◆ This month there will be musical games, new Cub Scout songs to sing, and a minstrel show planned and put on. It’s going to be a big month, and the following ideas will help make it so.
Naturally, we can’t tell you which type of music is most typical in your section. That is something Pack and Den leaders will discover during December in preparation for the January theme. School music teachers can help, as well as most libraries. Each Den can choose a song and do it in costume for the minstrel show.
Of course, the boys of the Southwest will be singing cowboy songs such as “Home On the Range,” “Headin’ For the Last Round-Up,” “Cowboy’s Lament,” The boys of New England may choose to sing sea-farin’ chanteys, such as “Blow the Man Down,” or “Reuben Ranzo.” (A laughable stunt would be to have a Cub Scout on stage going through singing motions while a hidden “basso profundo” sings “Rocked In the Cradle of the Deep.”) Boys of the South will probably sing southern ballads and spirituals.
HOMEMADE MUSICAL INSTRUMENTS
You will find this a most popular field with Cub Scouts. They can actually make instruments that will have musical tones as well as being comedy take-offs of actual instruments.
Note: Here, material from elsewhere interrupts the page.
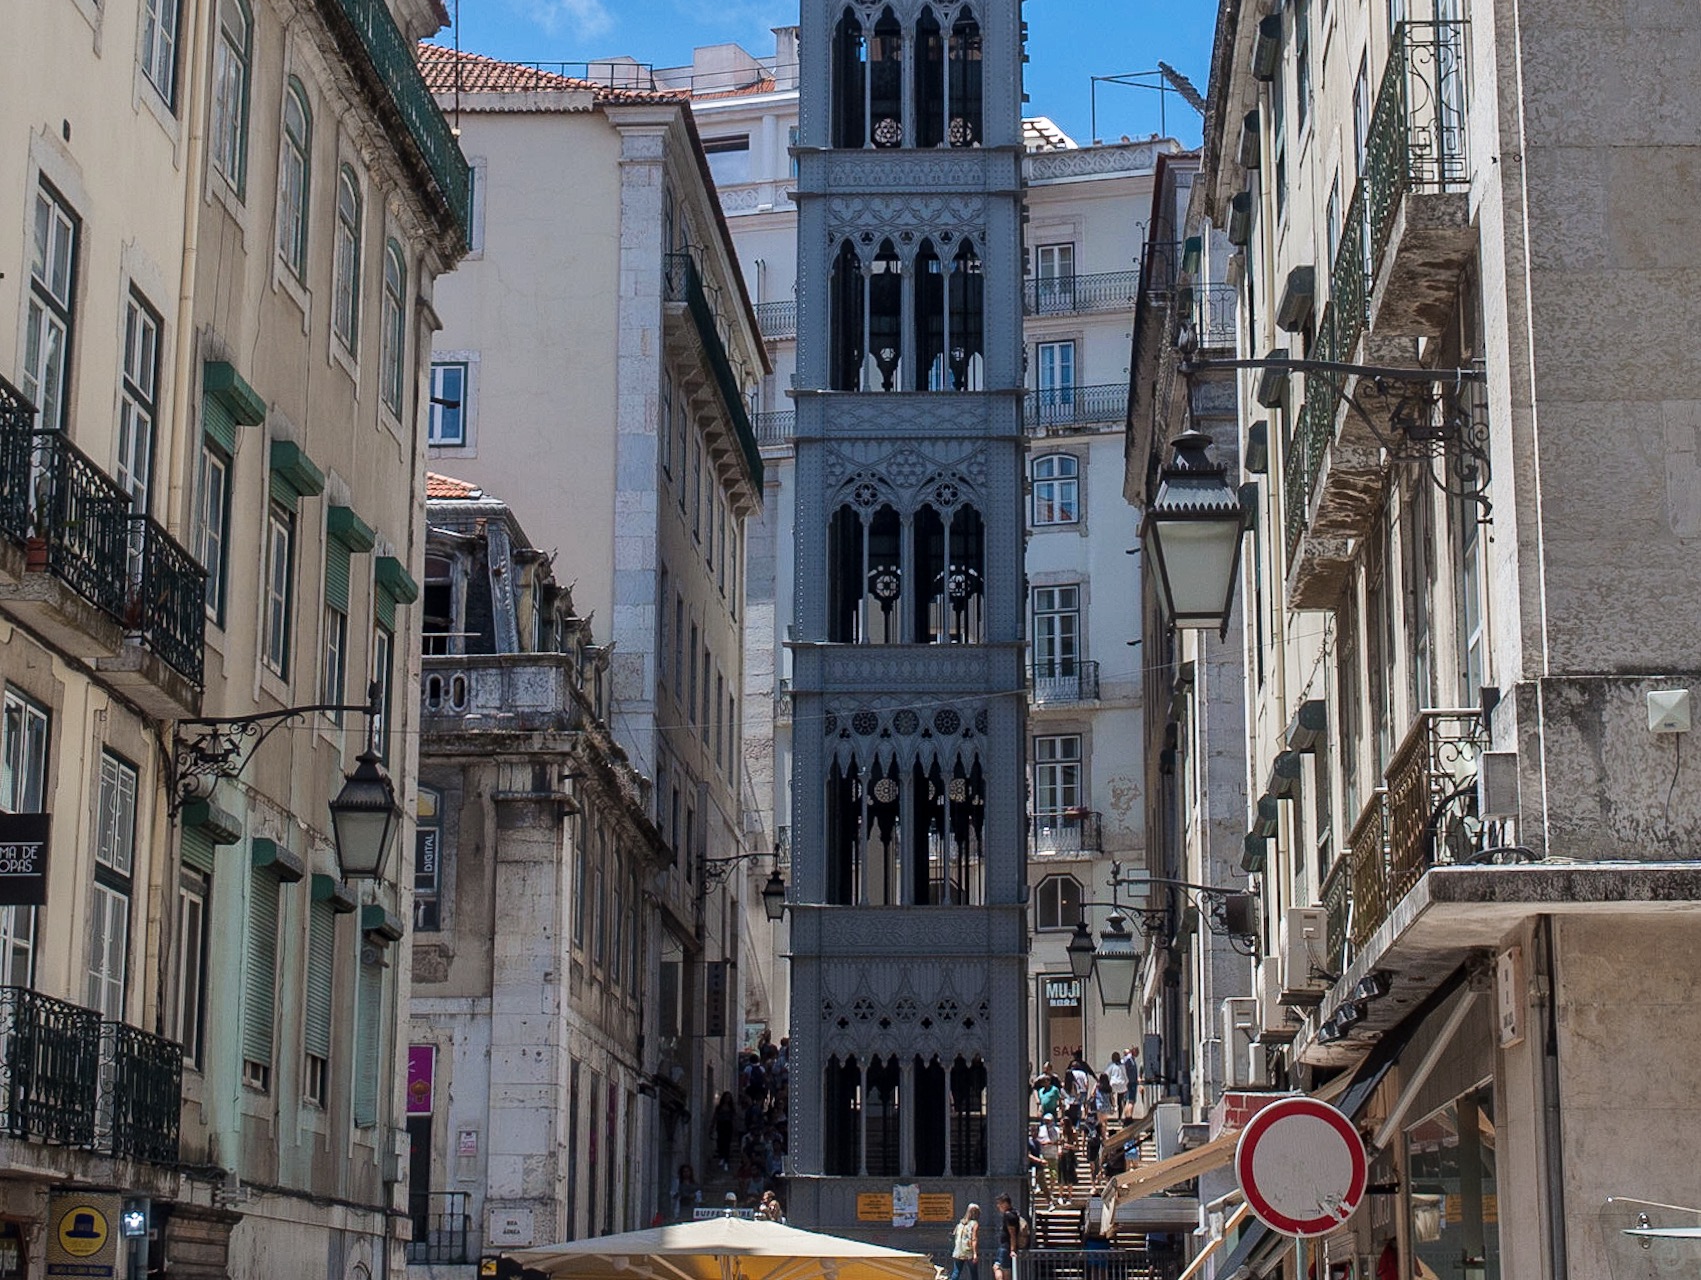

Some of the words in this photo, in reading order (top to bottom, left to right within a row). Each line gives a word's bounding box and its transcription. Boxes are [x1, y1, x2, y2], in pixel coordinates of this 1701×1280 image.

[22, 846, 38, 859] DE
[424, 833, 434, 872] DIGITAL
[1046, 981, 1080, 999] MUJI
You will find a page of ideas for homemade musical instruments on page [17] of this issue of Scouting.
Naturally, it’s a lot more fun to make these instruments if the boys know they are going to use them in your Pack meeting or minstrel show.
Perhaps each Den will have its own “kitchen cabinet” type of band. All Dens can practice the same songs, then come together at the Pack meeting in one big band and play them together.
Another interesting field is to make rhythm instruments which boys play to the tune of a phonograph record. Rhythm instruments include pot cover cymbals, rattles, blocks of wood, and tin cans.